Complete Workflow with eLabFTW:

  1. Before Analysis:

    • Create experiment record in eLabFTW with method details

    • Record instrument ID and calibration information

    • Upload raw data file to eLabFTW

  2. During Analysis:

    • Run this analysis function

    • Reference eLabFTW experiment ID in analysis script header

  3. After Analysis:

    • Export results to CSV or JSON

    • Upload results to eLabFTW experiment record

    • Link GitHub repository/commit in eLabFTW for code traceability

    • Document any manual peak assignments or corrections

This workflow ensures complete traceability from raw data to final results.

See also

load_chromatogram

Load data file

find_peaks

Peak detection algorithm

hplc_analysis.calculate_resolution(peak1: Dict[str, float], peak2: Dict[str, float], time: ndarray, absorbance: ndarray) float[source]

Calculate chromatographic resolution between two peaks.

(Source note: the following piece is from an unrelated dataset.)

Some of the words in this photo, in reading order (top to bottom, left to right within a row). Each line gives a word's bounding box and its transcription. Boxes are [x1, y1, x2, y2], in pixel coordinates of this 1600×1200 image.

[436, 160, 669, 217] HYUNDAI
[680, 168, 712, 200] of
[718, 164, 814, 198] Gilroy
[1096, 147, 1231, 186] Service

Resolution (Rs) is a measure of peak separation, defined as:

\[R_s = \frac{2(t_{R2} - t_{R1})}{w_1 + w_2}\]

where \(t_{R1}\) and \(t_{R2}\) are retention times, and \(w_1\) and \(w_2\) are peak widths at baseline.

Parameters:
  • peak1 (dict) – First peak dictionary from find_peaks().

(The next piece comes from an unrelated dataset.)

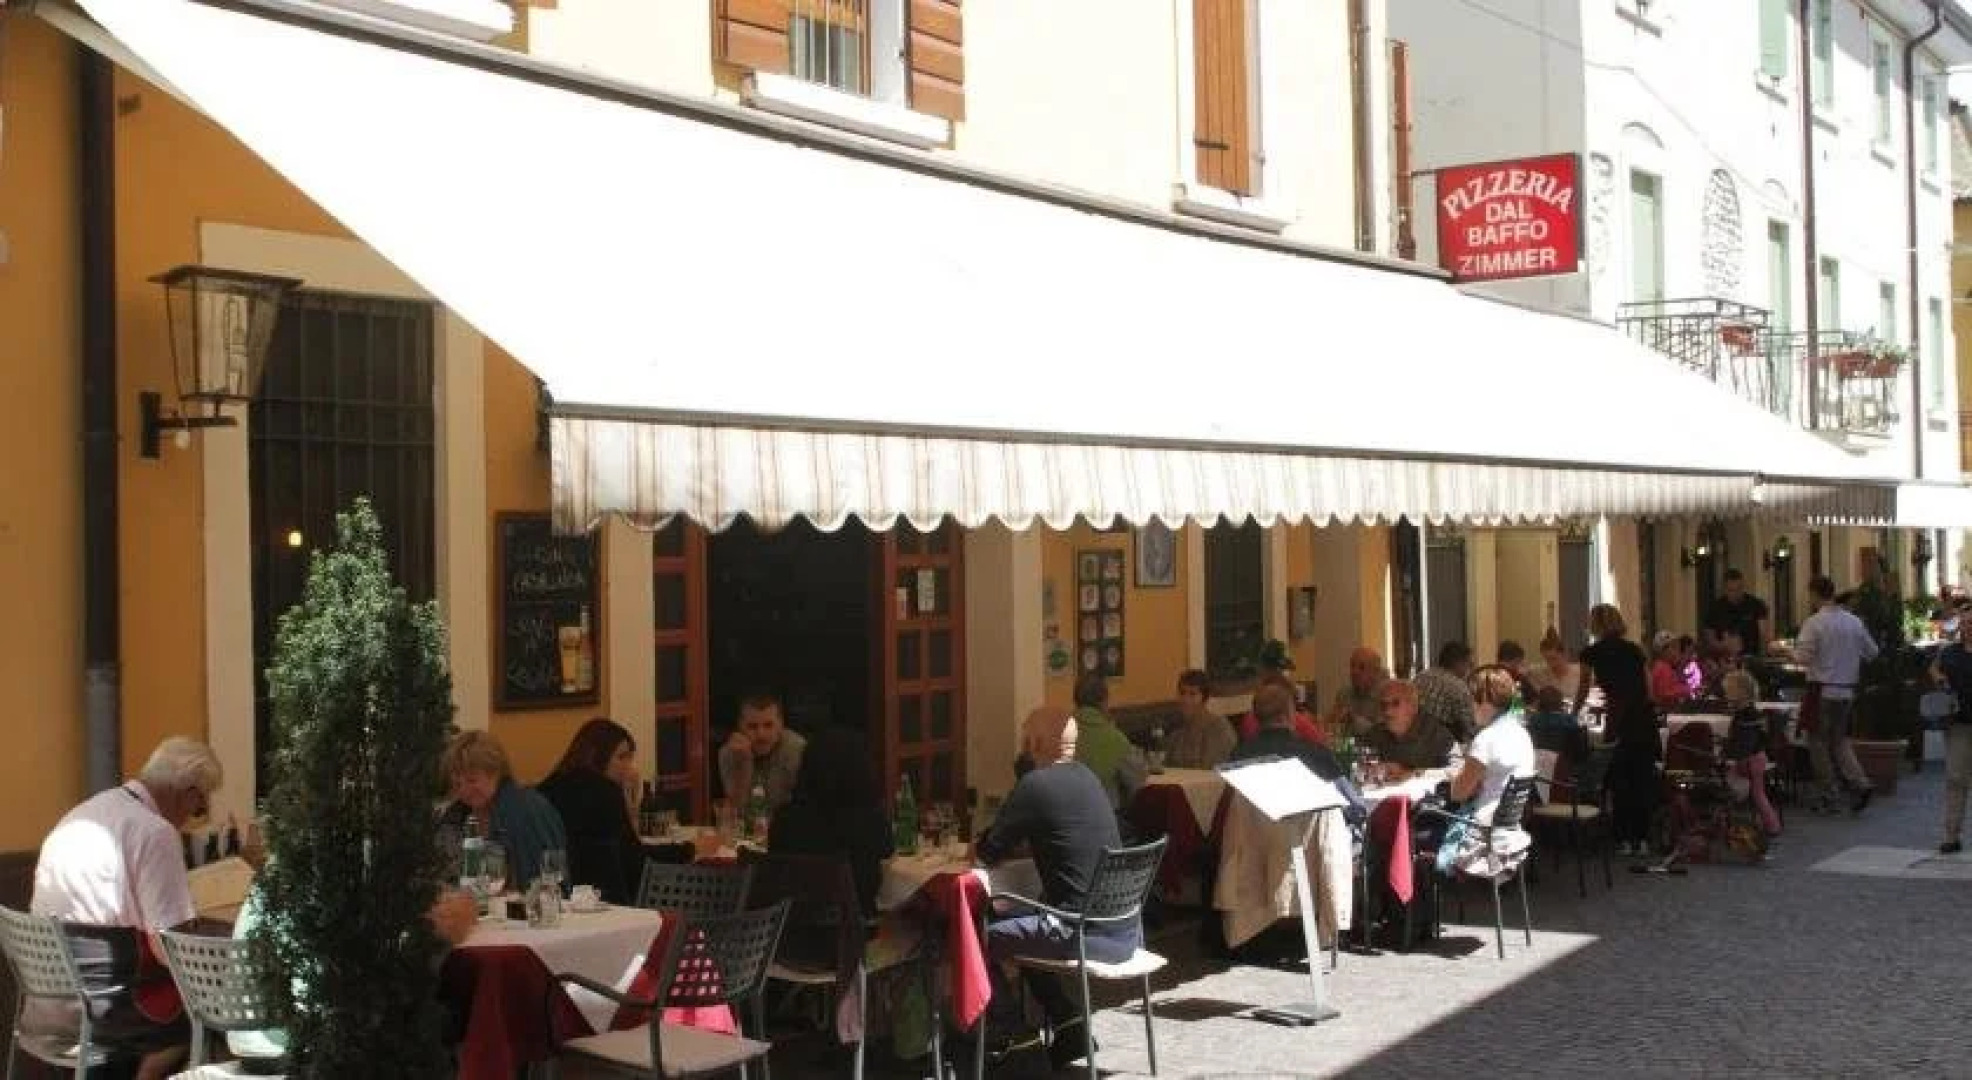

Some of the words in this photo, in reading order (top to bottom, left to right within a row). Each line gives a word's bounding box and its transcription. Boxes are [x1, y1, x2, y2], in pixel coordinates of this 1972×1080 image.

[1443, 169, 1573, 219] PIZZERIA
[1486, 200, 1533, 222] DAL
[1467, 220, 1548, 247] BAFFO
[1458, 247, 1557, 275] ZIMMER

  • peak2 (dict) – Second peak dictionary from find_peaks().

  • time (np.ndarray) – Time values in minutes.

  • absorbance (np.ndarray) – Absorbance values in mAU.

Returns:

resolution – Resolution value. Rs > 1.5 indicates baseline separation.

Return type:

float

Examples

>>> time, absorbance = load_chromatogram('data/sample_hplc_chromatogram.txt')
>>> peaks = find_peaks(time, absorbance, threshold=50.0)
>>> if len(peaks) >= 2:
...     rs = calculate_resolution(peaks[0], peaks[1], time, absorbance)
...     print(f"Resolution: {rs:.2f}")
Resolution: 4.23

Notes

This implementation estimates peak width at half height (FWHH) and converts to baseline width using the approximation: baseline_width β‰ˆ 2 * FWHH.

Quality Control: Document resolution values in eLabFTW for method validation and quality control. Include acceptance criteria (typically Rs > 1.5 for baseline separation).

References

hplc_analysis.find_peaks(time: ndarray, absorbance: ndarray, threshold: float = 10.0, min_distance: int = 5) List[Dict[str, float]][source]

Detect peaks in HPLC chromatogram data.

Identifies local maxima in the absorbance signal that exceed a specified threshold. Returns peak properties including retention time, height, and approximate area.

Parameters:
  • time (np.ndarray) – Time values in minutes (1D array).

  • absorbance (np.ndarray) – Absorbance values in mAU (1D array).

  • threshold (float, optional) – Minimum peak height in mAU to be considered a peak (default: 10.0).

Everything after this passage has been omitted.